Omit the images. Copy each entry word for word.

DATA TO USE START

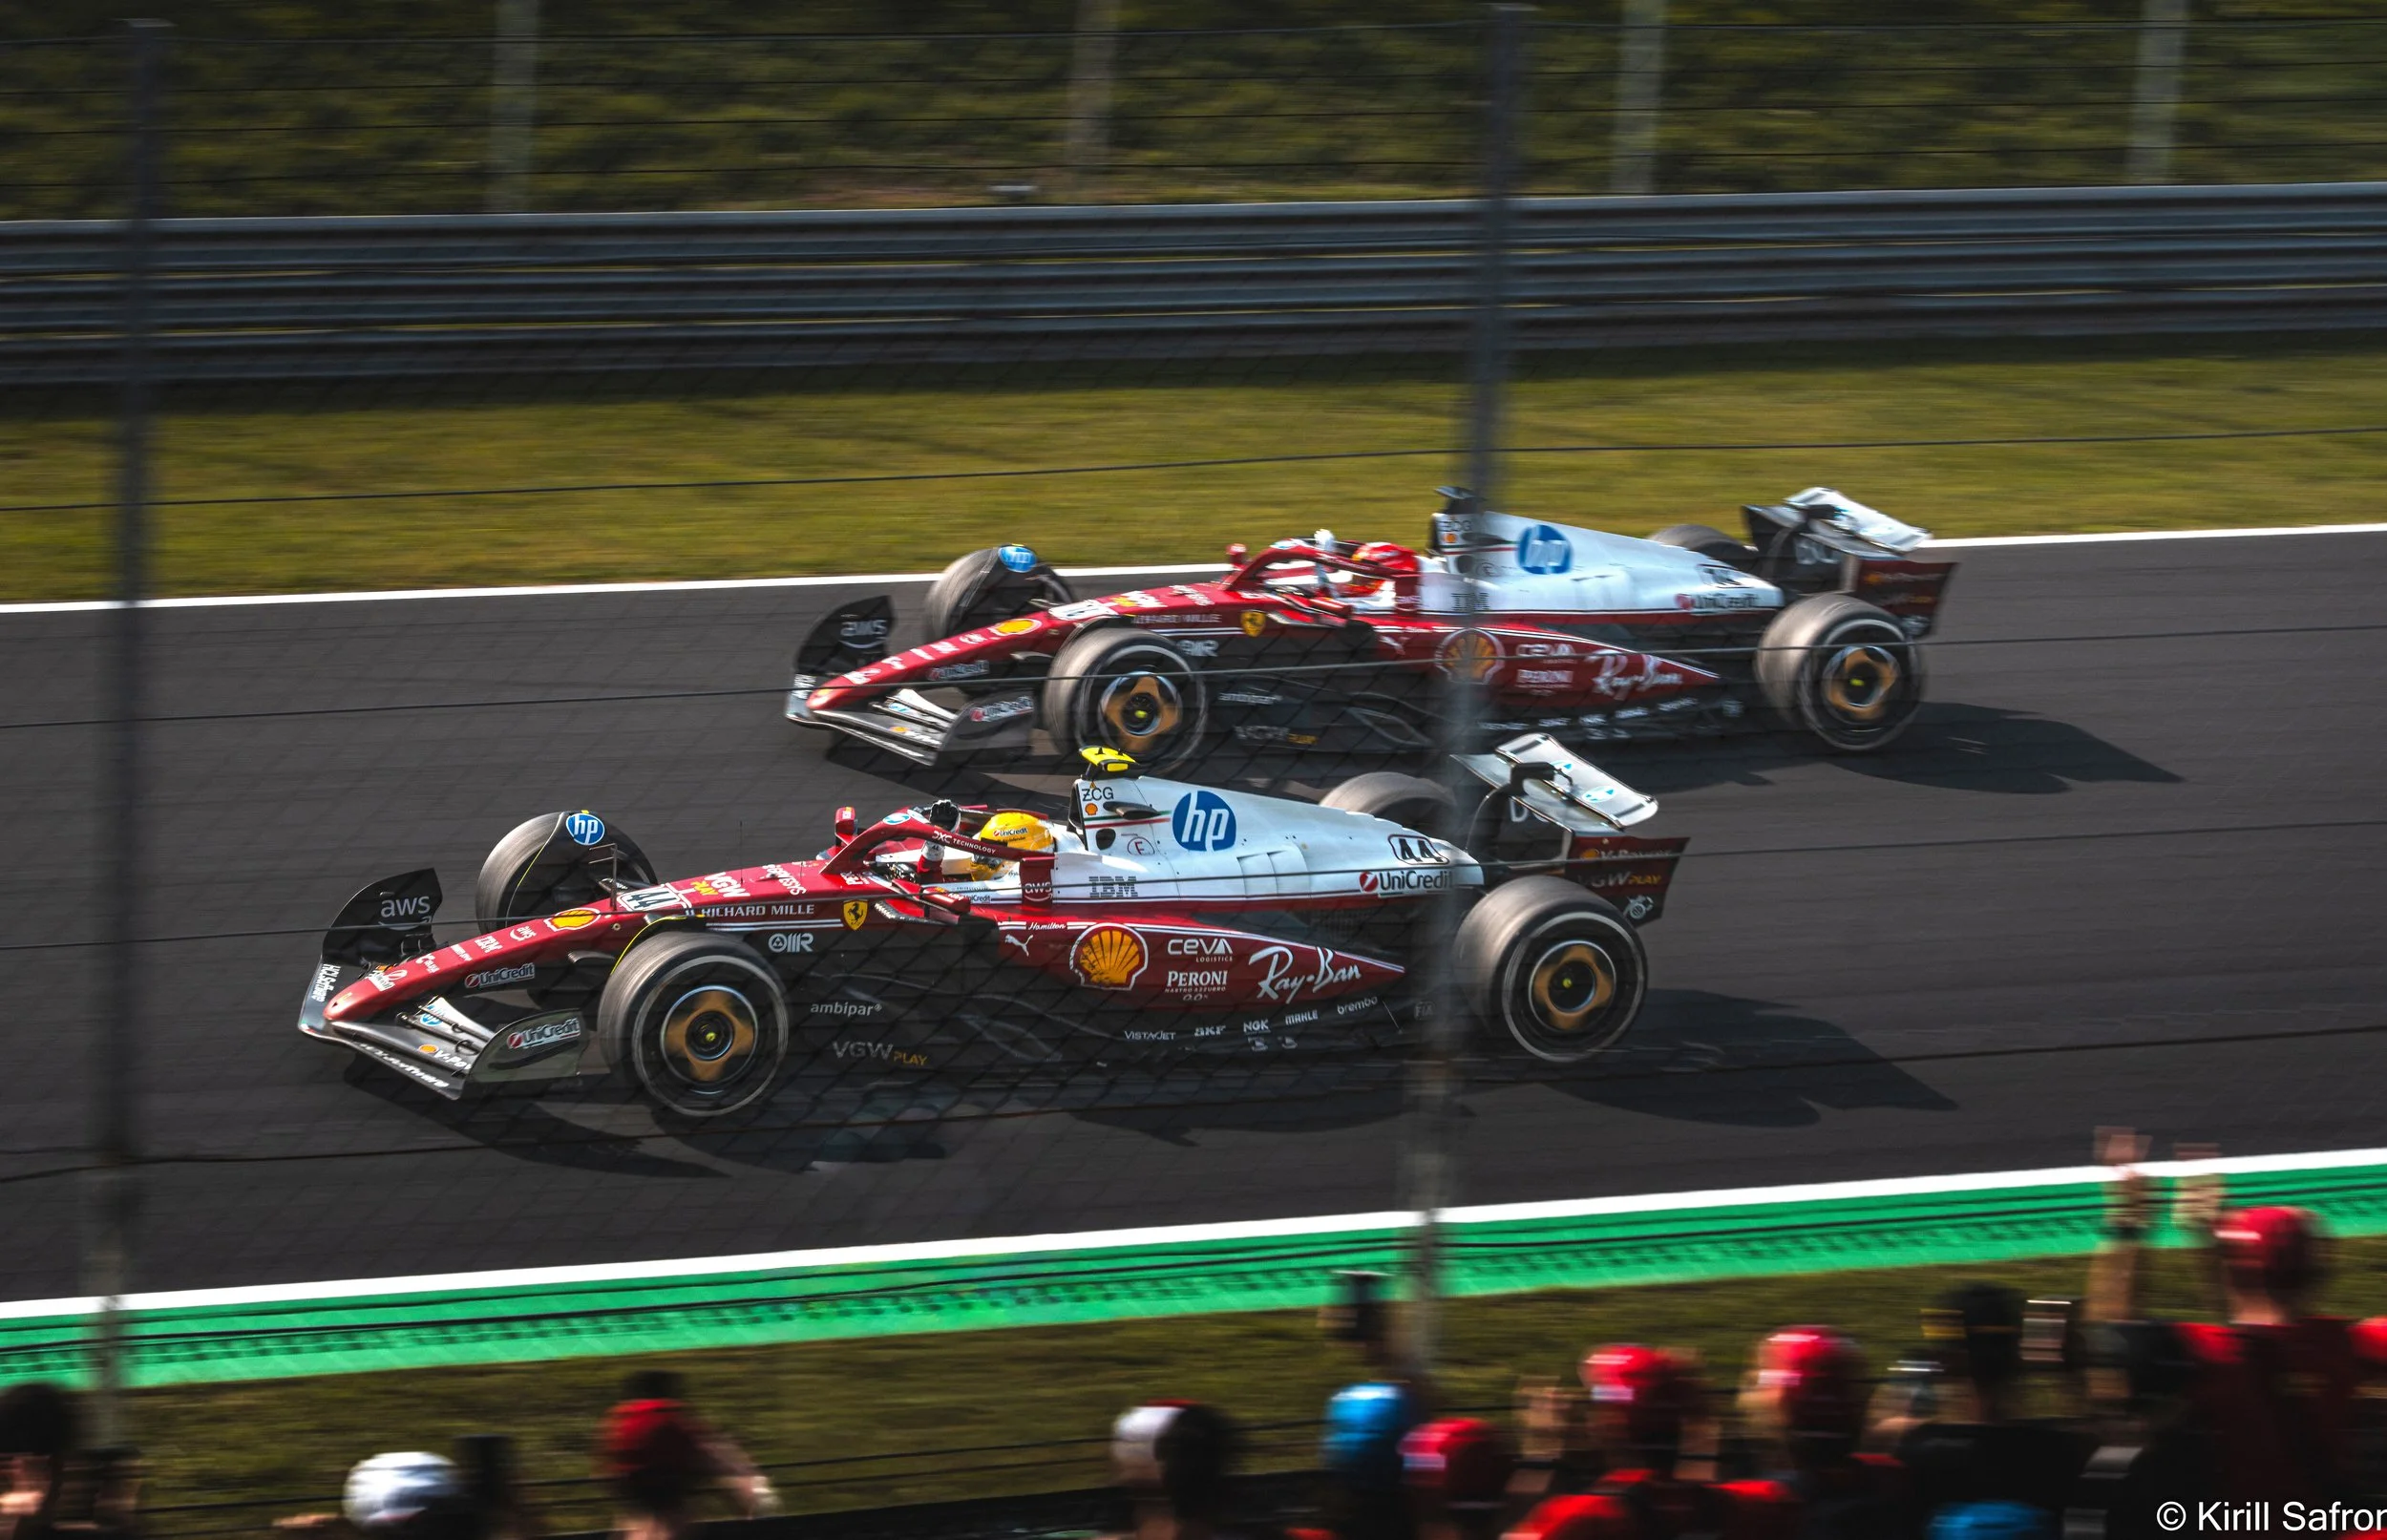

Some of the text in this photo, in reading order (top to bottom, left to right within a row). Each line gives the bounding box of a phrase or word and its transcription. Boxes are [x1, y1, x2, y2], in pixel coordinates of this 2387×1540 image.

[1082, 787, 1114, 801] ZCG
[573, 813, 596, 845] hp
[1181, 791, 1230, 852] hp
[953, 839, 996, 854] TECHNOLOGY
[1025, 882, 1052, 895] aws
[1088, 875, 1139, 897] IBM
[380, 896, 431, 918] aws
[626, 891, 677, 909] 44
[701, 904, 814, 918] RICHARD MILLE
[1028, 921, 1067, 930] Hamilton
[480, 964, 535, 984] UniCredit
[1167, 970, 1228, 987] PERONI
[1337, 996, 1378, 1015] brembo
[1243, 1020, 1269, 1032] NGK
[1285, 1009, 1319, 1025] MAHLE
[523, 1019, 580, 1043] UniCredit
[833, 1041, 894, 1060] VGW
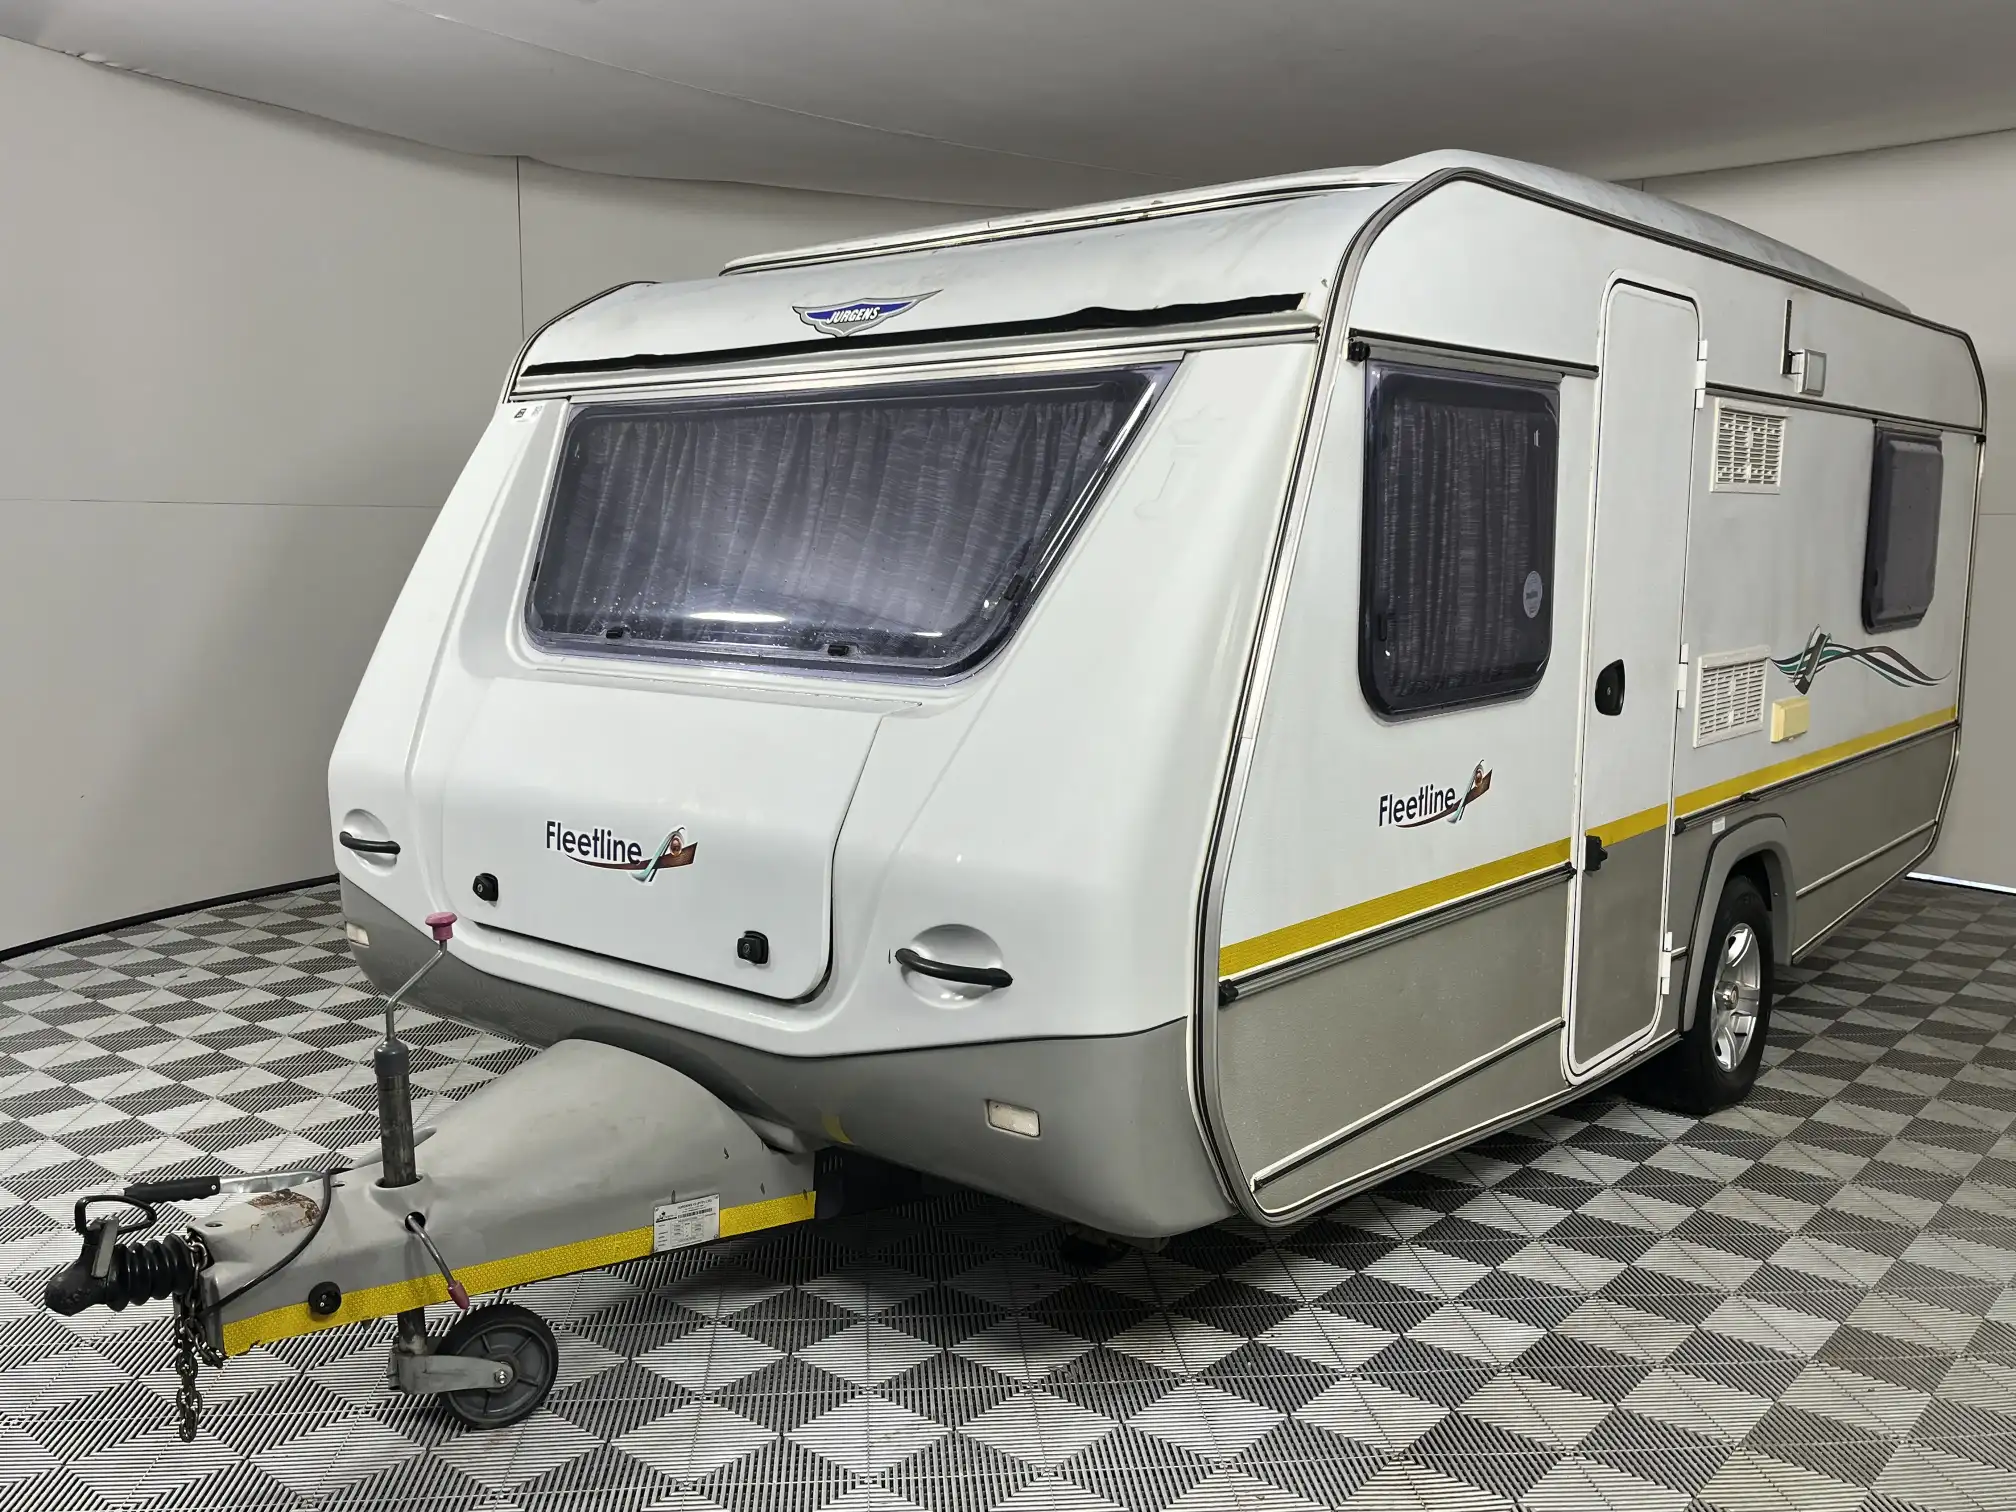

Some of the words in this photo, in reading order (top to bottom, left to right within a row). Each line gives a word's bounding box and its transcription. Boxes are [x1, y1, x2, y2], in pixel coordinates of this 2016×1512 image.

[826, 306, 881, 324] JURGENS
[1379, 783, 1456, 827] Fleetline
[546, 820, 642, 865] Fleetline

DATA TO USE END

**YOUR RESPONSE:**
Some of the text in this photo, in reading order (top to bottom, left to right within a row). Each line gives the bounding box of a phrase or word and its transcription. Boxes are [x1, y1, x2, y2], in pixel coordinates of this 2387×1540 image.

[1082, 787, 1114, 801] ZCG
[573, 813, 596, 845] hp
[1181, 791, 1230, 852] hp
[953, 839, 996, 854] TECHNOLOGY
[1025, 882, 1052, 895] aws
[1088, 875, 1139, 897] IBM
[380, 896, 431, 918] aws
[626, 891, 677, 909] 44
[701, 904, 814, 918] RICHARD MILLE
[1028, 921, 1067, 930] Hamilton
[480, 964, 535, 984] UniCredit
[1167, 970, 1228, 987] PERONI
[1337, 996, 1378, 1015] brembo
[1243, 1020, 1269, 1032] NGK
[1285, 1009, 1319, 1025] MAHLE
[523, 1019, 580, 1043] UniCredit
[833, 1041, 894, 1060] VGW

Some of the words in this photo, in reading order (top to bottom, left to right within a row). Each line gives a word's bounding box and its transcription. Boxes are [x1, y1, x2, y2], in pixel coordinates of this 2016×1512 image.

[826, 306, 881, 324] JURGENS
[1379, 783, 1456, 827] Fleetline
[546, 820, 642, 865] Fleetline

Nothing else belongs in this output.